======== Supplied data

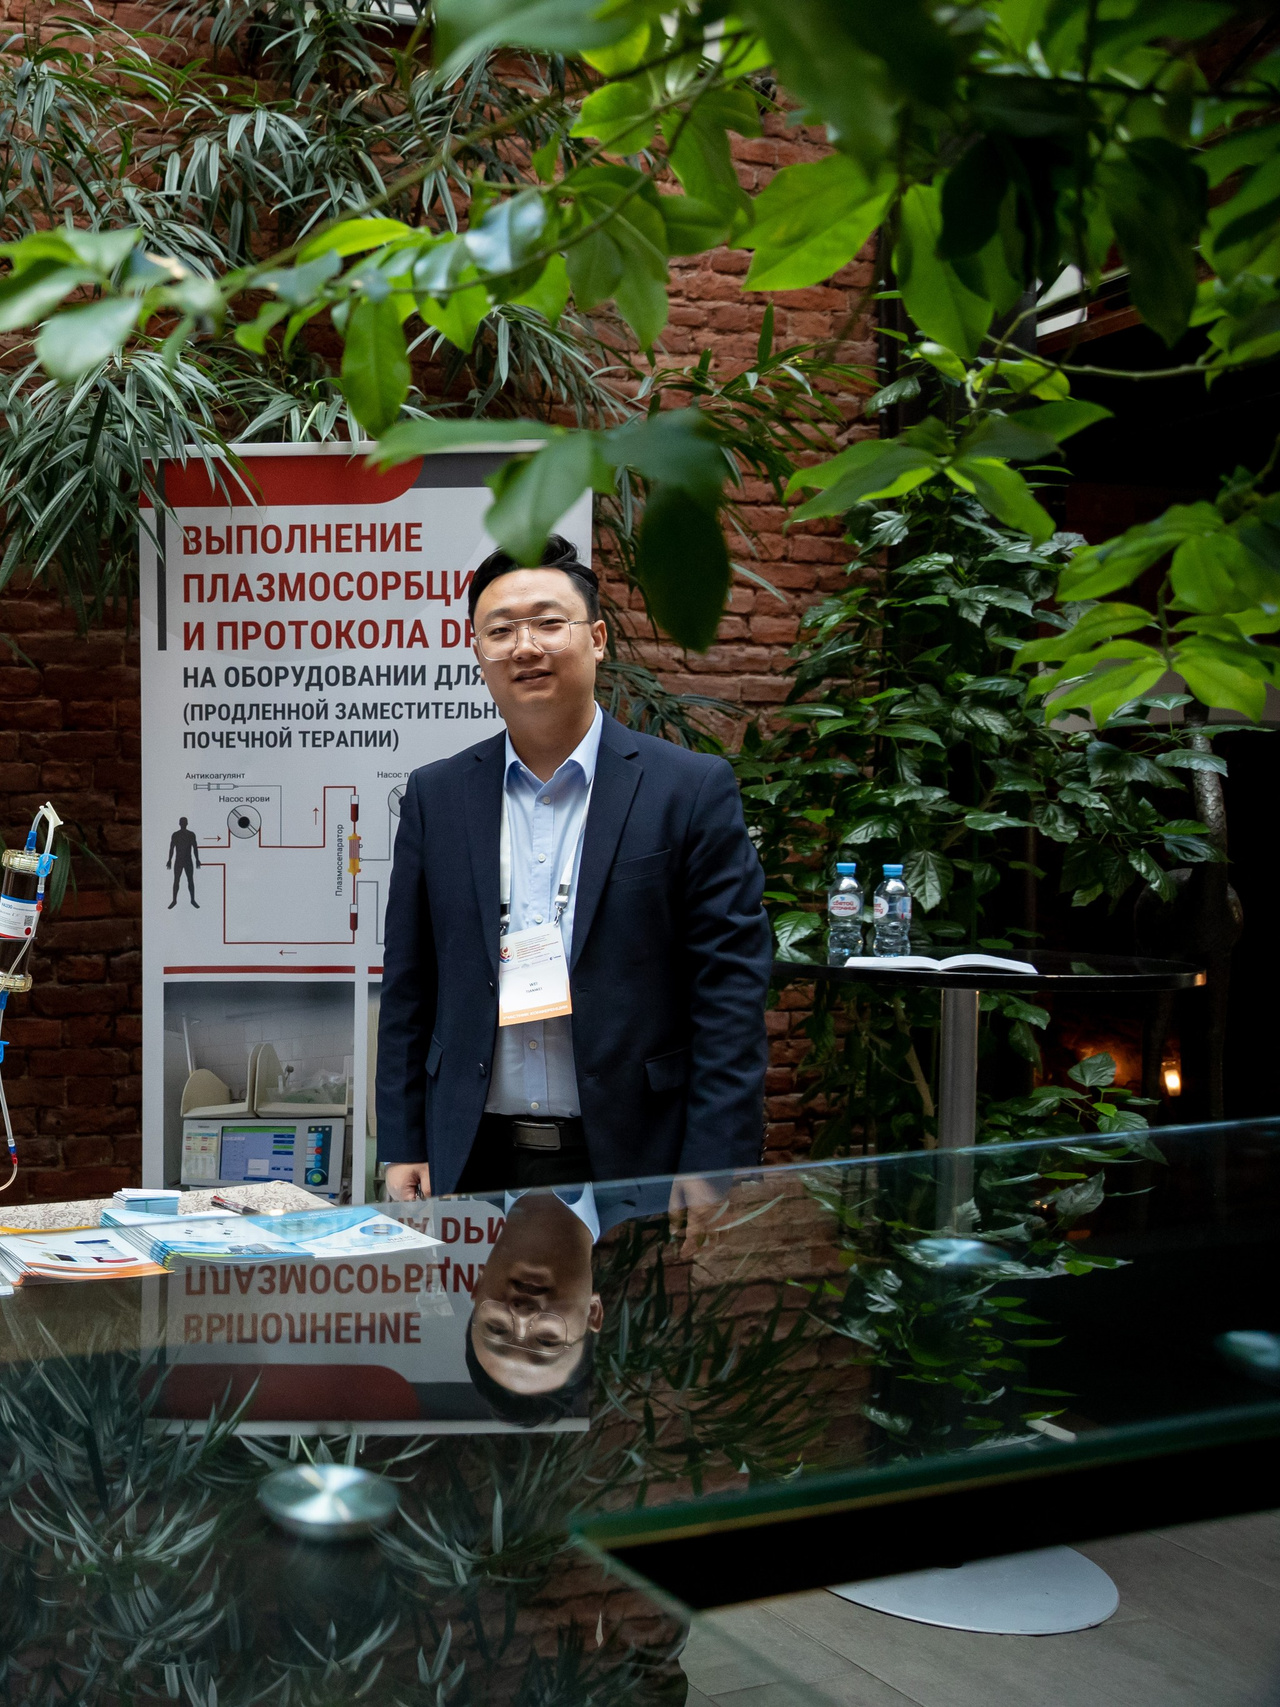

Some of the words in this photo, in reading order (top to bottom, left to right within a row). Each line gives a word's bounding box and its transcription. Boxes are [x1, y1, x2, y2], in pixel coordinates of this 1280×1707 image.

[183, 522, 423, 555] ВЫПОЛНЕНИЕ
[183, 621, 205, 651] И
[217, 619, 430, 651] ПРОТОКОЛА
[183, 667, 217, 689] НА
[224, 663, 427, 692] ОБОРУДОВАНИИ
[434, 664, 486, 691] ДЛЯ
[183, 698, 329, 726] (ПРОДЛЕННОЙ
[183, 726, 292, 749] ПОЧЕЧНОЙ
[298, 728, 400, 752] ТЕРАПИИ)
[185, 772, 246, 781] Антикоагулянт
[376, 771, 403, 779] Насос
[219, 795, 243, 803] Насос
[245, 796, 270, 804] крови
[335, 824, 344, 896] Плазмосепаратор
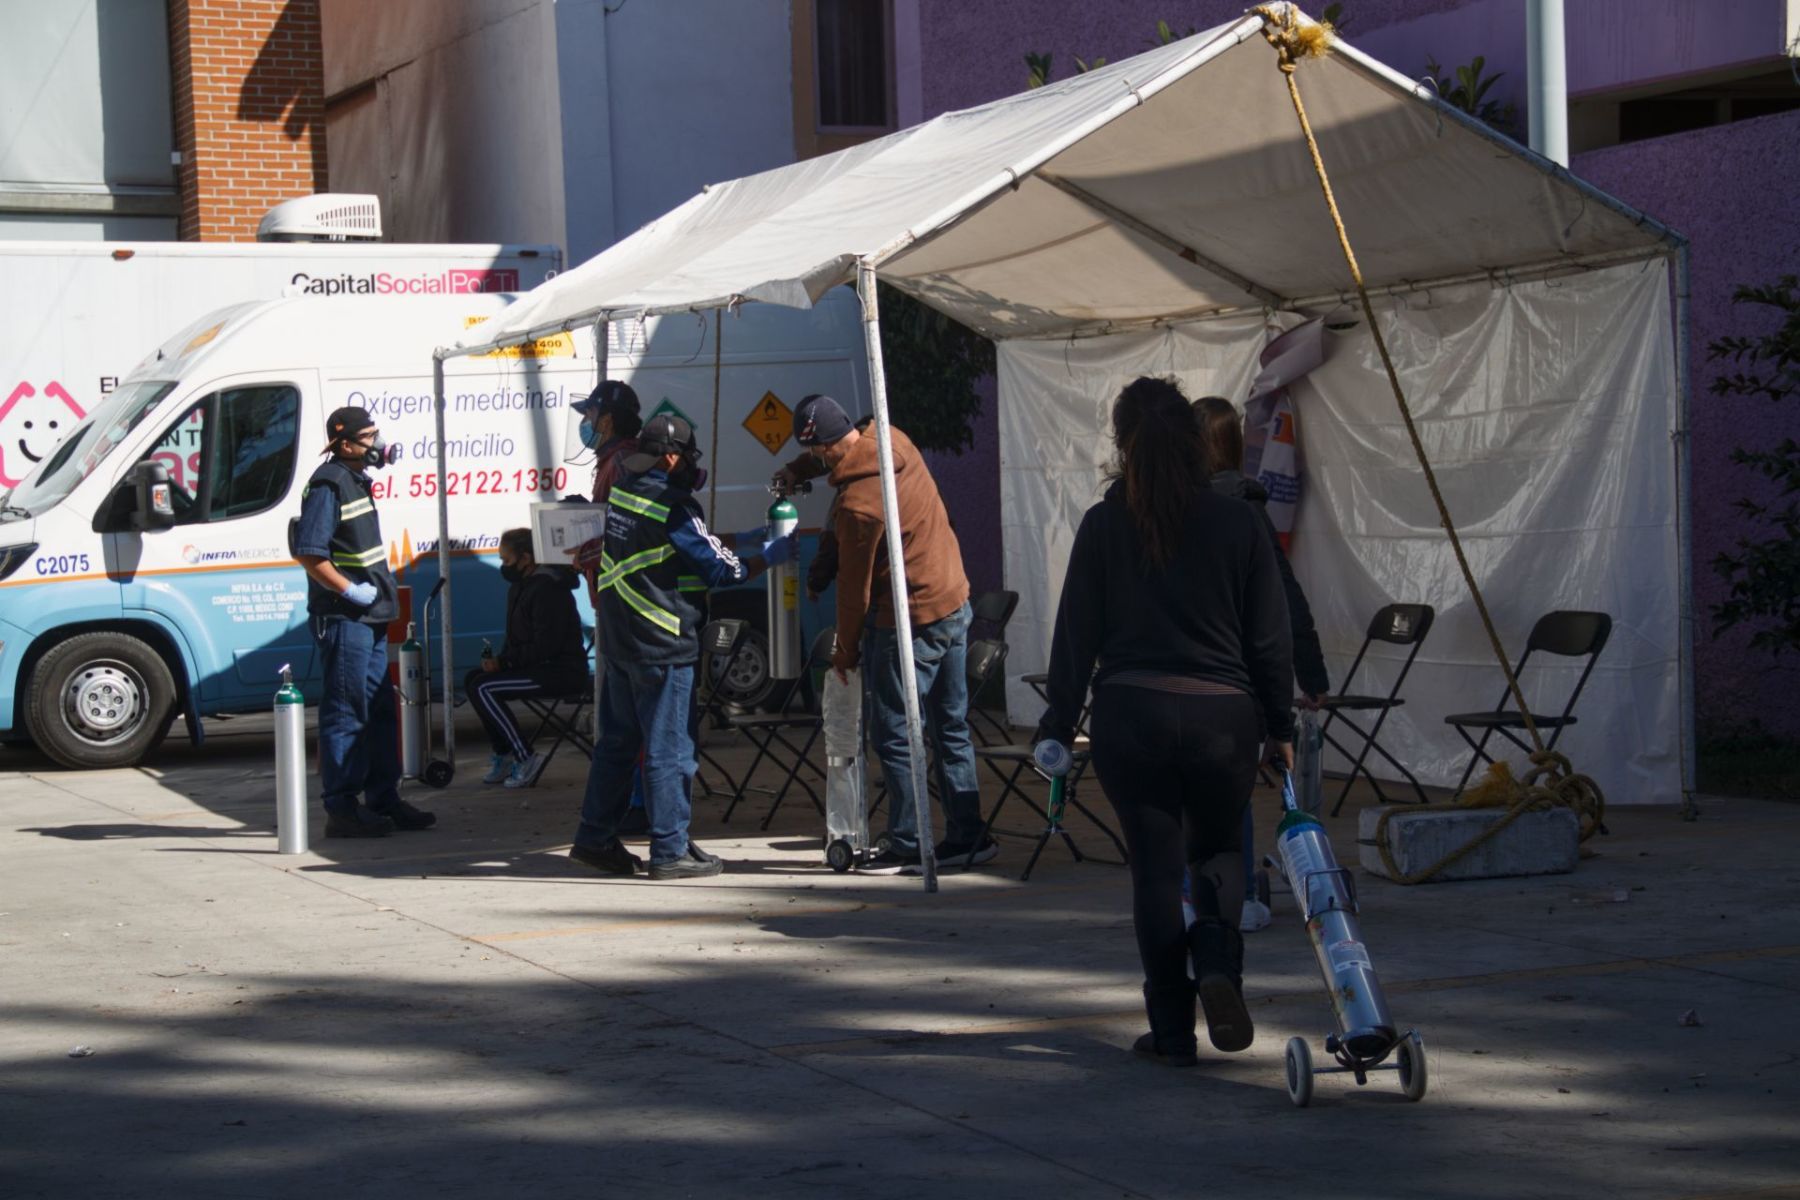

================

--- About this exercise ---
The result should be a word-for-word restatement of all the data, without images.

--- Solution to this task ---
Some of the words in this photo, in reading order (top to bottom, left to right within a row). Each line gives a word's bounding box and its transcription. Boxes are [x1, y1, x2, y2], in pixel coordinates of this 1280×1707 image.

[183, 522, 423, 555] ВЫПОЛНЕНИЕ
[183, 621, 205, 651] И
[217, 619, 430, 651] ПРОТОКОЛА
[183, 667, 217, 689] НА
[224, 663, 427, 692] ОБОРУДОВАНИИ
[434, 664, 486, 691] ДЛЯ
[183, 698, 329, 726] (ПРОДЛЕННОЙ
[183, 726, 292, 749] ПОЧЕЧНОЙ
[298, 728, 400, 752] ТЕРАПИИ)
[185, 772, 246, 781] Антикоагулянт
[376, 771, 403, 779] Насос
[219, 795, 243, 803] Насос
[245, 796, 270, 804] крови
[335, 824, 344, 896] Плазмосепаратор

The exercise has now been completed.